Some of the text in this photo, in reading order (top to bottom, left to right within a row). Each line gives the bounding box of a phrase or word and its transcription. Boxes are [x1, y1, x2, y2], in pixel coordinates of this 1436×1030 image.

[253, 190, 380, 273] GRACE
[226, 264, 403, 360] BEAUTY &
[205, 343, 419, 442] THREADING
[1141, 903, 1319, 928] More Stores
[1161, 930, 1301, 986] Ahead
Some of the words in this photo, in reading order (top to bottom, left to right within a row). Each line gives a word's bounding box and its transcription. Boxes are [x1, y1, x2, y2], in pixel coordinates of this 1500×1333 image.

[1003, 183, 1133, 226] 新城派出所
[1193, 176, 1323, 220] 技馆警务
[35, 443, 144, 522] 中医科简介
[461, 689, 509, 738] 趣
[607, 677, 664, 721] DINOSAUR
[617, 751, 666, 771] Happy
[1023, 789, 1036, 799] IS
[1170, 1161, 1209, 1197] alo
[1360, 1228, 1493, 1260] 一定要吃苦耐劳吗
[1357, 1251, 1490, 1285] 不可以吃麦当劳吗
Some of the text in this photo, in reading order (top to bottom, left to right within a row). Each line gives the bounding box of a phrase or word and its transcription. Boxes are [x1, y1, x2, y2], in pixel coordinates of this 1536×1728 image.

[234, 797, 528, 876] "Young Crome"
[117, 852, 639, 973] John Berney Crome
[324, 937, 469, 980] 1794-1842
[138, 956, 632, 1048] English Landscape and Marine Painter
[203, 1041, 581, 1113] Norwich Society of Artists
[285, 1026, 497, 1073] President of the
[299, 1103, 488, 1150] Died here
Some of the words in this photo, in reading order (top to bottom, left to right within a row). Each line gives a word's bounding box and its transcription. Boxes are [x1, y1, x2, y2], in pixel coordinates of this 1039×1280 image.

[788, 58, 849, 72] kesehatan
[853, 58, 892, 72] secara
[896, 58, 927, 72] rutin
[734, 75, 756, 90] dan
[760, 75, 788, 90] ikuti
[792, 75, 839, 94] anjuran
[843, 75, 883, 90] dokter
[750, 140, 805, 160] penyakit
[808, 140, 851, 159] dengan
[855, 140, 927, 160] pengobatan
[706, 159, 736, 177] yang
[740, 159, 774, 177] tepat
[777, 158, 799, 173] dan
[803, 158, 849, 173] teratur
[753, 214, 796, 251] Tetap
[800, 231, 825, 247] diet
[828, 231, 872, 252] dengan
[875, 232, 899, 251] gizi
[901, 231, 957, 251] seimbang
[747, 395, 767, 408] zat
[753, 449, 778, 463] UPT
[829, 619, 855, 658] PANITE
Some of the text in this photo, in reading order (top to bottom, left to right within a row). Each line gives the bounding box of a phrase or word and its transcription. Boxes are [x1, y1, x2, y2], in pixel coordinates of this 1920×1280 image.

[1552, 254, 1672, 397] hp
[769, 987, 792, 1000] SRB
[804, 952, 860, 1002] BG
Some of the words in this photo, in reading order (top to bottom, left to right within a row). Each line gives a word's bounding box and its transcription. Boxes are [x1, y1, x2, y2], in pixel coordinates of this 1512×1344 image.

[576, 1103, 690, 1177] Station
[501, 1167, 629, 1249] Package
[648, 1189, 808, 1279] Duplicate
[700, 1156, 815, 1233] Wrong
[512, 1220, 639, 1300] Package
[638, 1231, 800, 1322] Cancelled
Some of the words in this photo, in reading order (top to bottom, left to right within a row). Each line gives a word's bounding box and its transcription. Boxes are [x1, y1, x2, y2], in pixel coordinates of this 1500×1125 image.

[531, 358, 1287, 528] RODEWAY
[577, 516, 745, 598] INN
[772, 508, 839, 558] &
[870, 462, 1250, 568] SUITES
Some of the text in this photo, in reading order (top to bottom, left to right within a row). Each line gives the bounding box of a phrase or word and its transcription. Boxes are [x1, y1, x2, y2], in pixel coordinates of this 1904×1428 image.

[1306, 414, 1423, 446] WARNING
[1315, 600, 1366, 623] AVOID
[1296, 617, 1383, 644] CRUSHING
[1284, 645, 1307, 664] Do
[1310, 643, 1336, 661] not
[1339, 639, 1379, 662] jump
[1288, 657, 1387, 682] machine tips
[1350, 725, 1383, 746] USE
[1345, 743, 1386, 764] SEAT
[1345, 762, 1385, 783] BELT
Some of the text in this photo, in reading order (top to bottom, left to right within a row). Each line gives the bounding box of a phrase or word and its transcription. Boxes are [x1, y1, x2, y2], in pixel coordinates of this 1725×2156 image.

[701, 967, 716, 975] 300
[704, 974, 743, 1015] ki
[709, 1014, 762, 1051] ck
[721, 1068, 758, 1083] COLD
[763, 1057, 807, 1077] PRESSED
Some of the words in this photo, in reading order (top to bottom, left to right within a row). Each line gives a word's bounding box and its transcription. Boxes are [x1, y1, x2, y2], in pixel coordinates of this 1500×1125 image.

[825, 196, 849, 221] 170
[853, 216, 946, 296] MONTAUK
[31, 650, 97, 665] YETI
---*---
◆ EXERCISE OBJECTIVE
Retype the whole of the listing. Nothing may be altered or omitted.

◆ ANSWER TO THIS TASK
Some of the text in this photo, in reading order (top to bottom, left to right within a row). Each line gives the bounding box of a phrase or word and its transcription. Boxes are [x1, y1, x2, y2], in pixel coordinates of this 1436×1030 image.

[253, 190, 380, 273] GRACE
[226, 264, 403, 360] BEAUTY &
[205, 343, 419, 442] THREADING
[1141, 903, 1319, 928] More Stores
[1161, 930, 1301, 986] Ahead
Some of the words in this photo, in reading order (top to bottom, left to right within a row). Each line gives a word's bounding box and its transcription. Boxes are [x1, y1, x2, y2], in pixel coordinates of this 1500×1333 image.

[1003, 183, 1133, 226] 新城派出所
[1193, 176, 1323, 220] 技馆警务
[35, 443, 144, 522] 中医科简介
[461, 689, 509, 738] 趣
[607, 677, 664, 721] DINOSAUR
[617, 751, 666, 771] Happy
[1023, 789, 1036, 799] IS
[1170, 1161, 1209, 1197] alo
[1360, 1228, 1493, 1260] 一定要吃苦耐劳吗
[1357, 1251, 1490, 1285] 不可以吃麦当劳吗
Some of the text in this photo, in reading order (top to bottom, left to right within a row). Each line gives the bounding box of a phrase or word and its transcription. Boxes are [x1, y1, x2, y2], in pixel coordinates of this 1536×1728 image.

[234, 797, 528, 876] "Young Crome"
[117, 852, 639, 973] John Berney Crome
[324, 937, 469, 980] 1794-1842
[138, 956, 632, 1048] English Landscape and Marine Painter
[203, 1041, 581, 1113] Norwich Society of Artists
[285, 1026, 497, 1073] President of the
[299, 1103, 488, 1150] Died here
Some of the words in this photo, in reading order (top to bottom, left to right within a row). Each line gives a word's bounding box and its transcription. Boxes are [x1, y1, x2, y2], in pixel coordinates of this 1039×1280 image.

[788, 58, 849, 72] kesehatan
[853, 58, 892, 72] secara
[896, 58, 927, 72] rutin
[734, 75, 756, 90] dan
[760, 75, 788, 90] ikuti
[792, 75, 839, 94] anjuran
[843, 75, 883, 90] dokter
[750, 140, 805, 160] penyakit
[808, 140, 851, 159] dengan
[855, 140, 927, 160] pengobatan
[706, 159, 736, 177] yang
[740, 159, 774, 177] tepat
[777, 158, 799, 173] dan
[803, 158, 849, 173] teratur
[753, 214, 796, 251] Tetap
[800, 231, 825, 247] diet
[828, 231, 872, 252] dengan
[875, 232, 899, 251] gizi
[901, 231, 957, 251] seimbang
[747, 395, 767, 408] zat
[753, 449, 778, 463] UPT
[829, 619, 855, 658] PANITE
Some of the text in this photo, in reading order (top to bottom, left to right within a row). Each line gives the bounding box of a phrase or word and its transcription. Boxes are [x1, y1, x2, y2], in pixel coordinates of this 1920×1280 image.

[1552, 254, 1672, 397] hp
[769, 987, 792, 1000] SRB
[804, 952, 860, 1002] BG
Some of the words in this photo, in reading order (top to bottom, left to right within a row). Each line gives a word's bounding box and its transcription. Boxes are [x1, y1, x2, y2], in pixel coordinates of this 1512×1344 image.

[576, 1103, 690, 1177] Station
[501, 1167, 629, 1249] Package
[648, 1189, 808, 1279] Duplicate
[700, 1156, 815, 1233] Wrong
[512, 1220, 639, 1300] Package
[638, 1231, 800, 1322] Cancelled
Some of the words in this photo, in reading order (top to bottom, left to right within a row). Each line gives a word's bounding box and its transcription. Boxes are [x1, y1, x2, y2], in pixel coordinates of this 1500×1125 image.

[531, 358, 1287, 528] RODEWAY
[577, 516, 745, 598] INN
[772, 508, 839, 558] &
[870, 462, 1250, 568] SUITES
Some of the text in this photo, in reading order (top to bottom, left to right within a row). Each line gives the bounding box of a phrase or word and its transcription. Boxes are [x1, y1, x2, y2], in pixel coordinates of this 1904×1428 image.

[1306, 414, 1423, 446] WARNING
[1315, 600, 1366, 623] AVOID
[1296, 617, 1383, 644] CRUSHING
[1284, 645, 1307, 664] Do
[1310, 643, 1336, 661] not
[1339, 639, 1379, 662] jump
[1288, 657, 1387, 682] machine tips
[1350, 725, 1383, 746] USE
[1345, 743, 1386, 764] SEAT
[1345, 762, 1385, 783] BELT
Some of the text in this photo, in reading order (top to bottom, left to right within a row). Each line gives the bounding box of a phrase or word and its transcription. Boxes are [x1, y1, x2, y2], in pixel coordinates of this 1725×2156 image.

[701, 967, 716, 975] 300
[704, 974, 743, 1015] ki
[709, 1014, 762, 1051] ck
[721, 1068, 758, 1083] COLD
[763, 1057, 807, 1077] PRESSED
Some of the words in this photo, in reading order (top to bottom, left to right within a row). Each line gives a word's bounding box and its transcription. Boxes are [x1, y1, x2, y2], in pixel coordinates of this 1500×1125 image.

[825, 196, 849, 221] 170
[853, 216, 946, 296] MONTAUK
[31, 650, 97, 665] YETI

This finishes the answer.